En 1968, cuando el cine cubano empezaba a responder a los nuevos imperativos del momento histórico, Tomás Gutiérrez Alea entregó una película que evitó el tono declarativo y el trazo heroico. Memorias del subdesarrollo, basada en la novela de Edmundo Desnoes, se mueve en otra frecuencia. No sigue una línea, sino un vaivén. No confirma nada. Observa. Una cámara en estado de espera, una ciudad que no termina de definirse, un personaje que se queda cuando casi todos se van. Más que un filme, es un ejercicio de tensión sostenida.

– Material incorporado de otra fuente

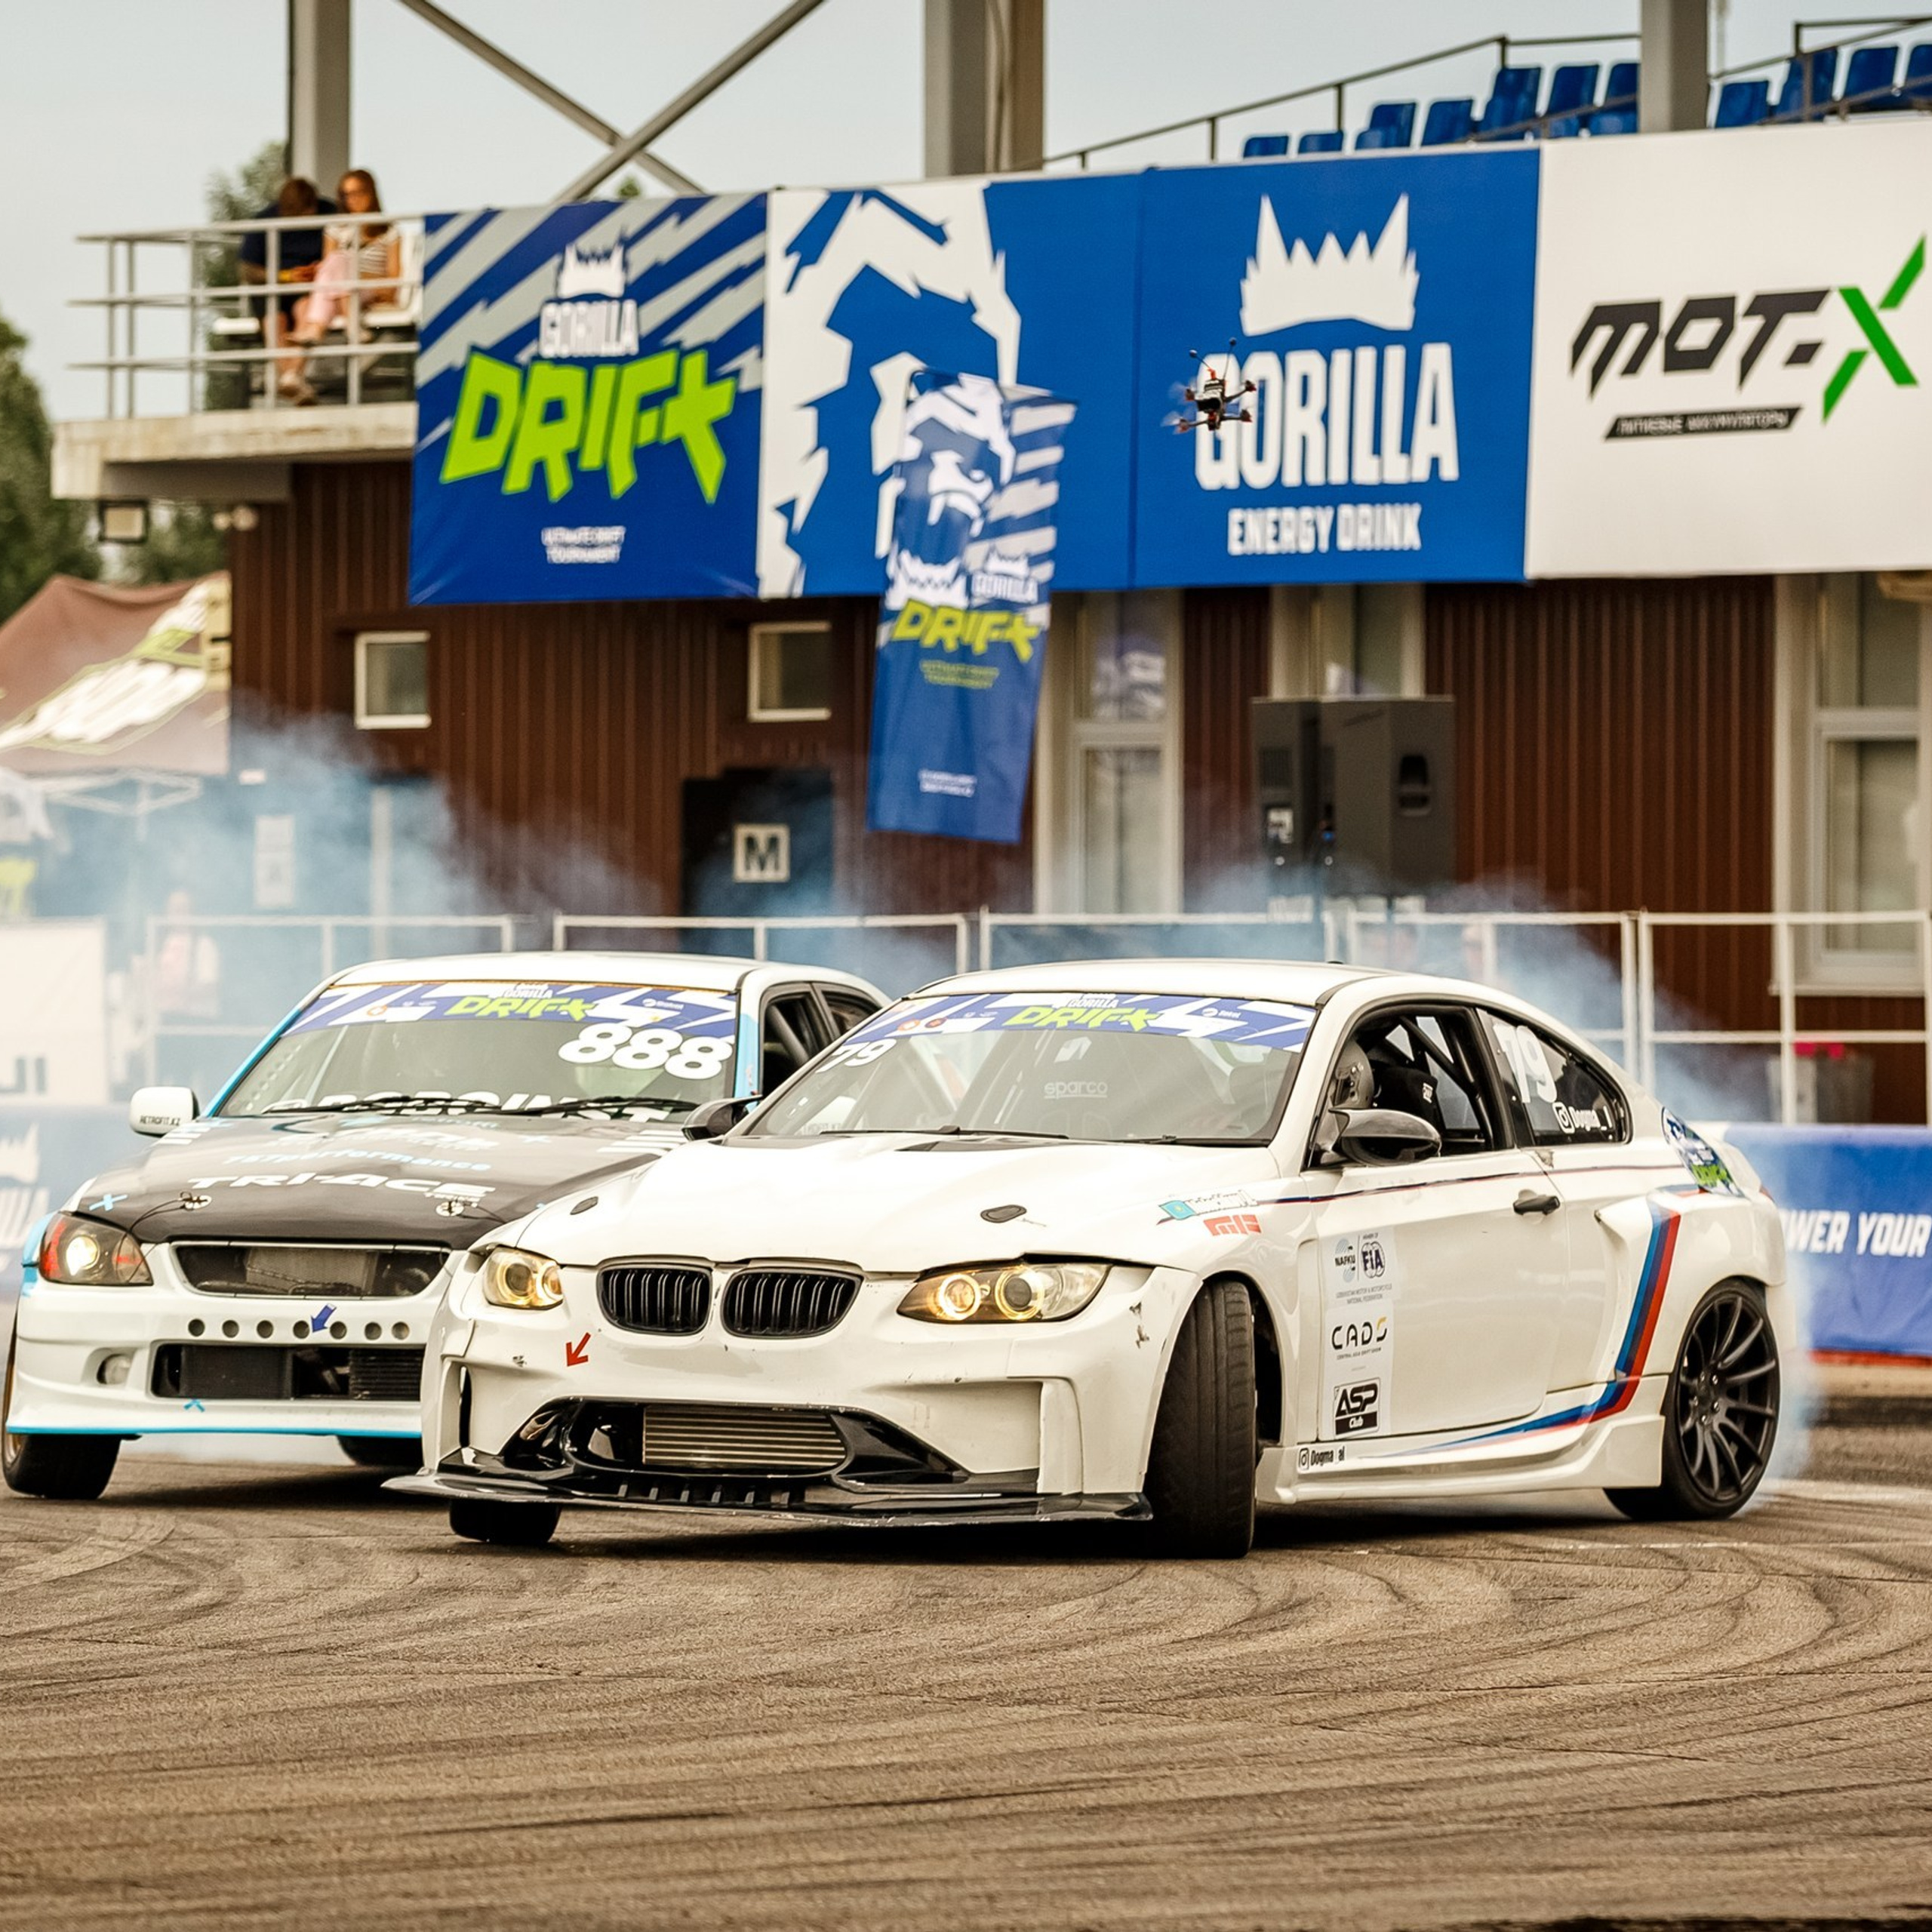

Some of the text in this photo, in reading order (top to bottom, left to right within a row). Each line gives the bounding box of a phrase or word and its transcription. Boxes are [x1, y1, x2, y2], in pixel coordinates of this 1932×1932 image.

[540, 299, 640, 358] GORILLA
[1195, 342, 1460, 491] GORILLA
[1227, 502, 1423, 556] ENERGY DRINK
[1068, 998, 1120, 1009] GORILLA
[558, 1023, 733, 1080] 888
[1044, 1081, 1108, 1100] sparco
[186, 1171, 497, 1198] TRI-ACE
[1856, 1211, 1932, 1258] YOUR
[1335, 1383, 1379, 1418] ASP

Aquí van cinco razones por las que sigue siendo imprescindible.

Porque el desconcierto es más duradero que la euforia
Sergio no actúa, observa. No huye ni se entrega. Permanece. En esa permanencia se revela lo que muchas veces queda fuera de los relatos oficiales: el tiempo muerto, la incomodidad, la incapacidad de comprender lo que ocurre. No hay grandes gestos, sino fragmentos de realidad. El espectador no encuentra respuestas, pero tampoco se le obliga a asumir una postura. Se le confronta con la ambigüedad, esa zona donde casi siempre ocurre lo real.
Porque desmonta sin denunciar
La crítica no es explícita. No hay denuncias. Tampoco hay celebración. La Revolución aparece como ruido de fondo, como carteles en las paredes, como voces por altavoces. El personaje central camina entre esos símbolos sin incorporarlos. Su distancia no es oposición, es agotamiento. Y esa distancia, filmada sin énfasis, dice más que cualquier proclama.

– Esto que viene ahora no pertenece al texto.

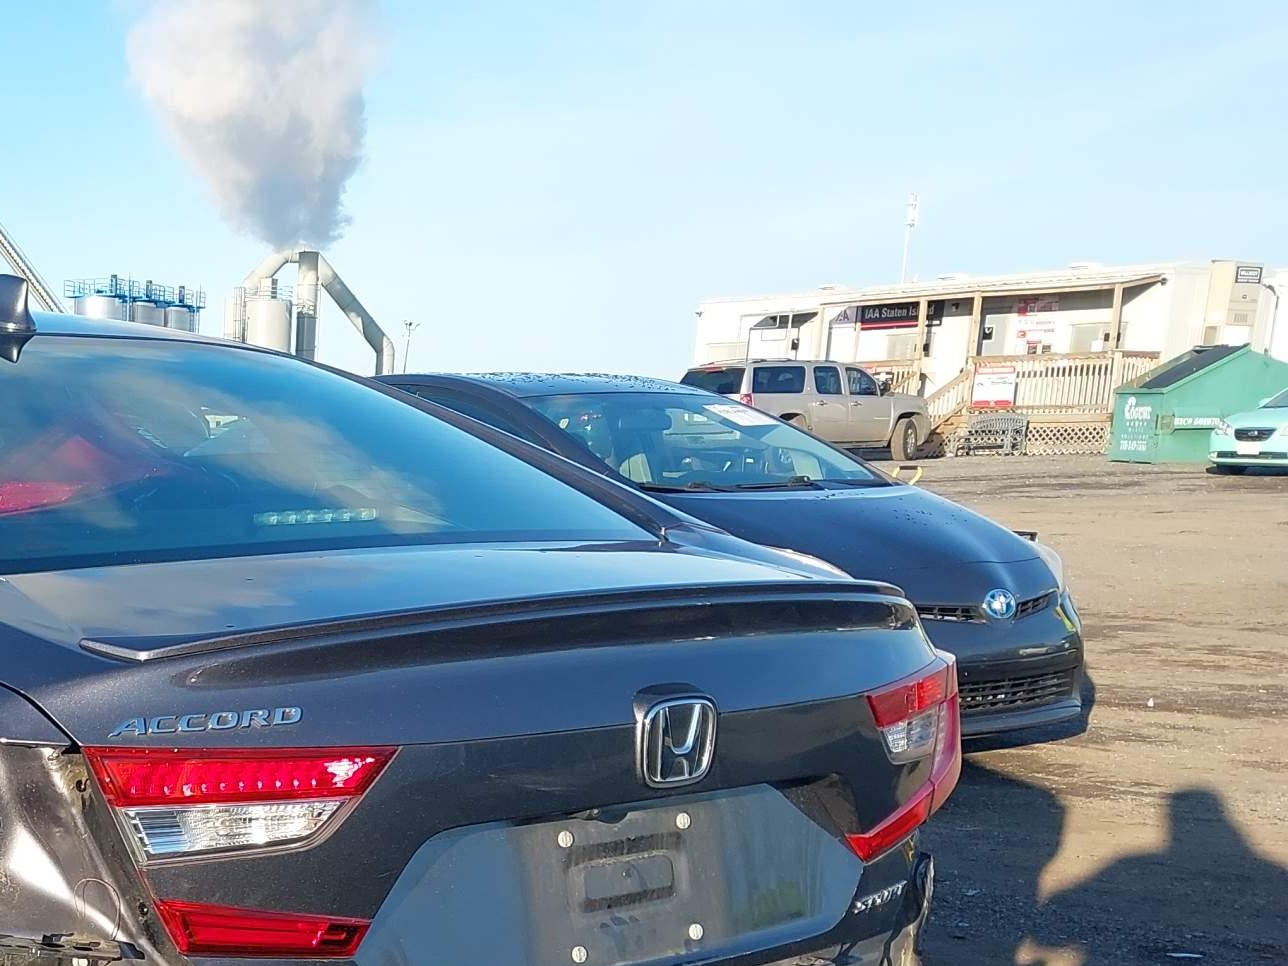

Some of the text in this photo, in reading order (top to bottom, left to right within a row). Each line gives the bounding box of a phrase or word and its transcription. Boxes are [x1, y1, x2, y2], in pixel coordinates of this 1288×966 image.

[865, 308, 880, 319] IAA
[881, 304, 907, 318] Staten
[108, 706, 303, 738] ACCORD
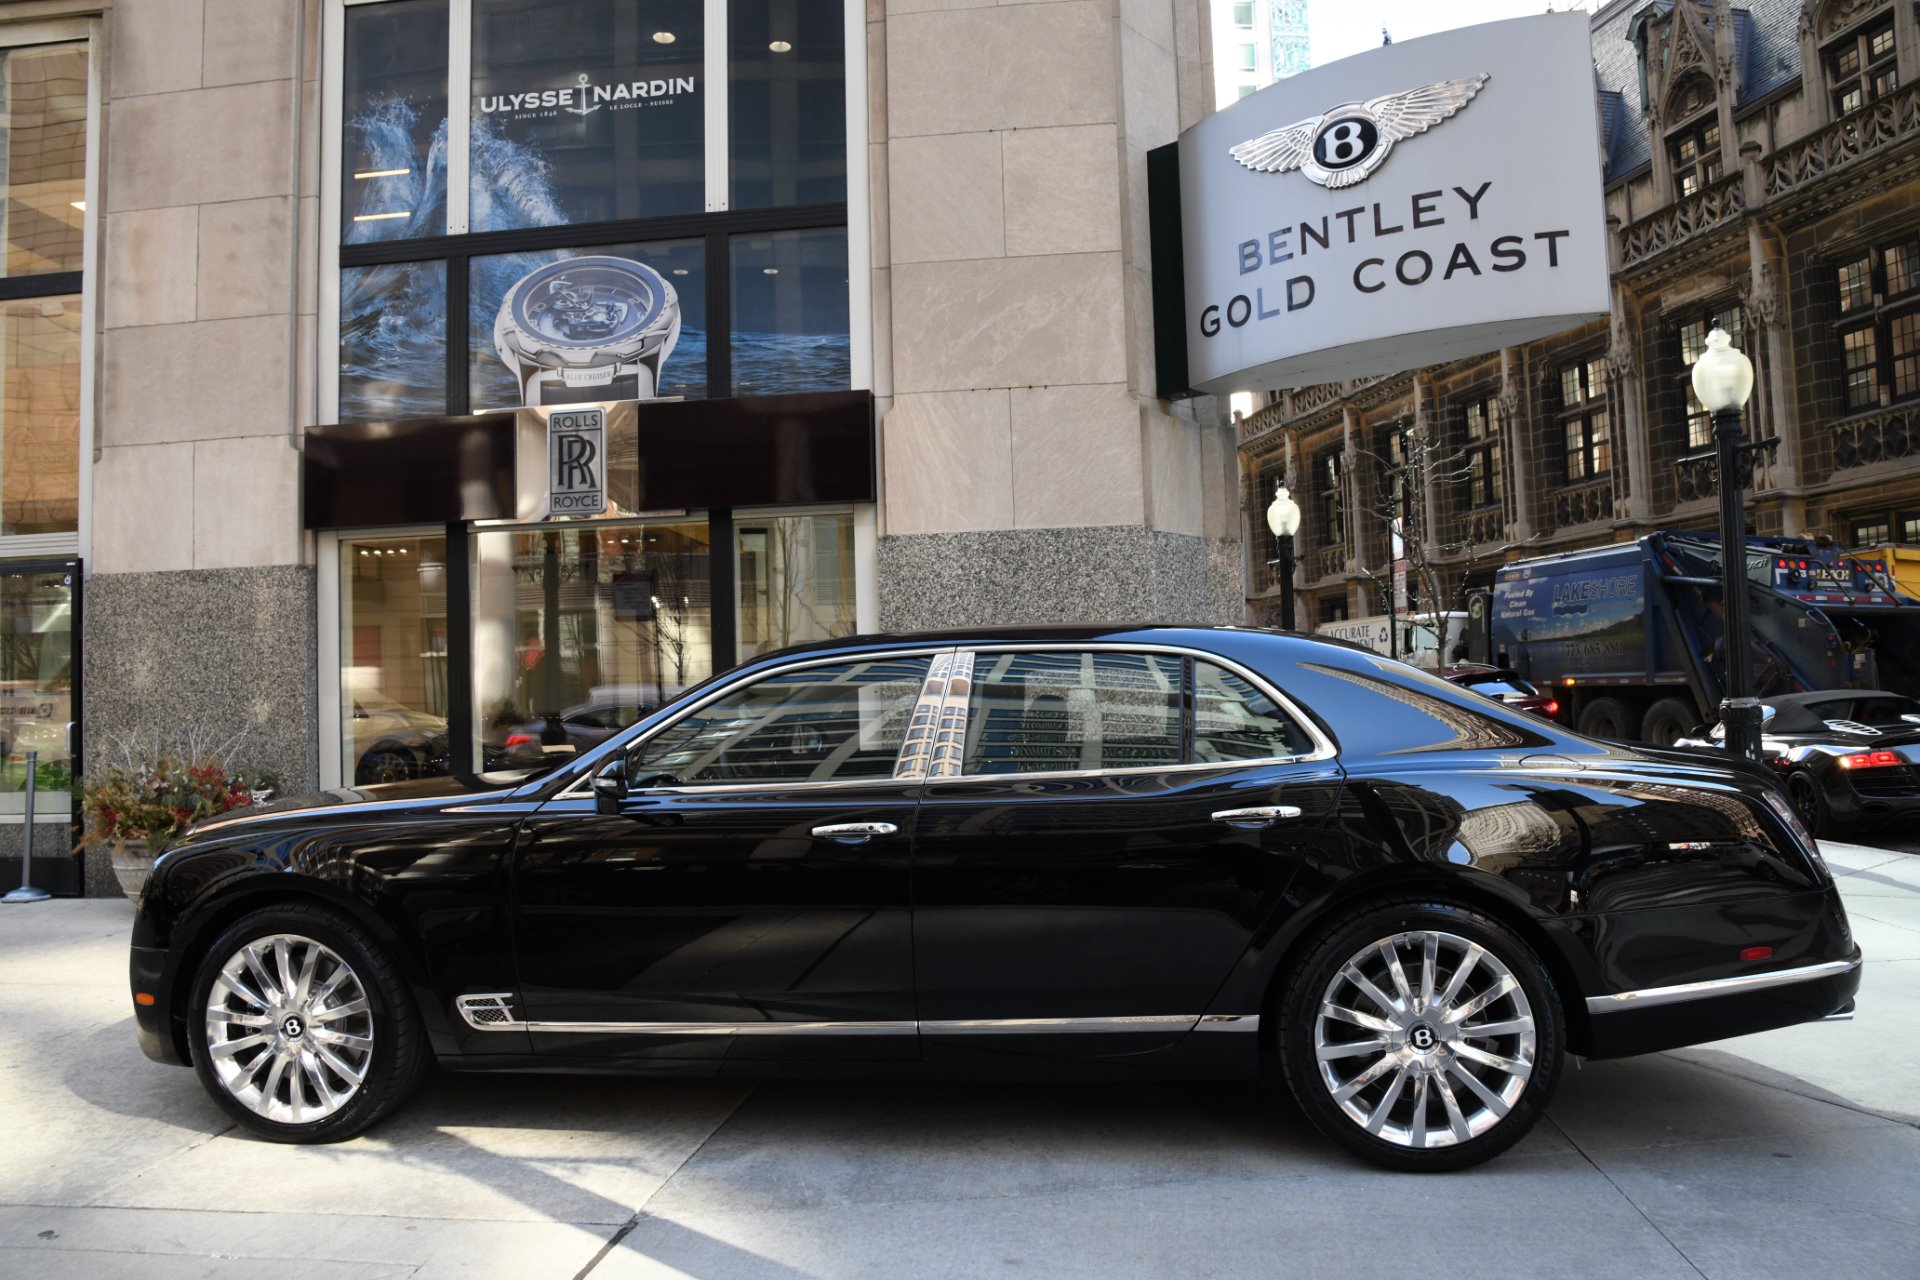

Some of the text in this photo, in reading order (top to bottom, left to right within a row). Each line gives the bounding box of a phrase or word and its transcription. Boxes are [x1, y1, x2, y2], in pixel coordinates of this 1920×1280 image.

[480, 76, 695, 113] ULYSSE NARDIN
[514, 112, 537, 120] SINCE
[1324, 120, 1364, 164] B
[1238, 181, 1493, 276] BENTLEY
[1200, 229, 1570, 338] GOLD COAST
[553, 414, 598, 429] ROLLS
[553, 494, 599, 509] ROYCE
[1504, 589, 1535, 599] Fueled By
[1553, 575, 1638, 602] LAKESHORE
[1501, 608, 1535, 619] Natural Gas
[1329, 625, 1370, 640] ACCURATE

Porque el lenguaje también toma posición
La estructura fragmentaria no es un recurso estético; es una manera de decir. El montaje entrecortado, los saltos de tiempo, las imágenes de archivo, los insertos de pensamiento. Todo eso configura una forma de narrar que no busca ordenar la experiencia, sino exponer su discontinuidad. En vez de avanzar, el relato se estanca. Y desde ahí, incomoda.
Porque las certezas no resisten la mirada detenida
Lo público no se impone sobre lo individual. Las arengas, los tribunales, los nuevos discursos políticos se muestran sin adornos, pero tampoco con reverencia. La película apunta a una tensión que nunca se resuelve: la de un país que transforma sus estructuras sin saber qué hacer con quienes no logran ajustarse. No hay héroes ni enemigos. Solo gente atrapada en procesos que la desbordan.

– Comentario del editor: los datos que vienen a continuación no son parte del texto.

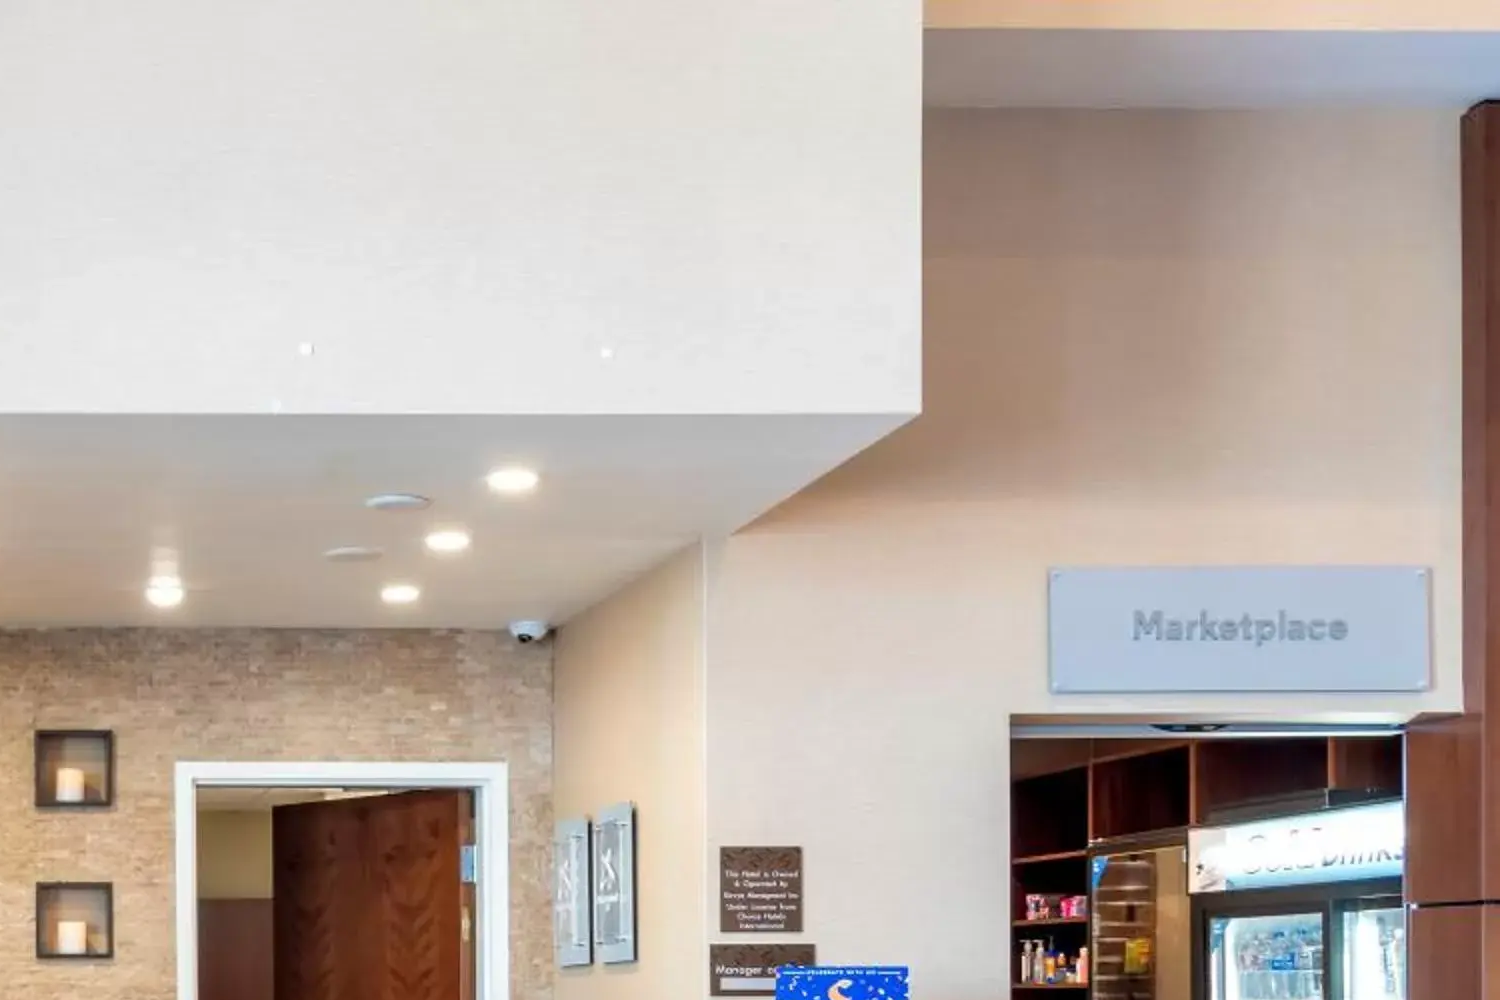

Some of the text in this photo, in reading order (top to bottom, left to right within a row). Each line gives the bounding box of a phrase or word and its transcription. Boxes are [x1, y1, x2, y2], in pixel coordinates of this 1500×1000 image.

[1132, 609, 1349, 647] Marketplace
[771, 869, 799, 878] Owned
[715, 964, 762, 977] Manager

Porque sigue generando preguntas donde otros buscan cerrar capítulos
Memorias del subdesarrollo no ha envejecido porque nunca buscó captar su tiempo, sino mostrar su desgaste. Las preguntas que lanza no eran cómodas en 1968 y tampoco lo son ahora. Qué significa quedarse. Qué se espera de quien piensa. Qué ocurre cuando el relato colectivo no alcanza para explicar lo que uno ve desde la ventana.


Memorias del subdesarrollo no necesita ser actualizada. Su vigencia está en su negativa a explicarlo todo. Por eso, entre tantas películas que enseñan qué sentir, esta sigue siendo una rareza: deja espacio para pensar.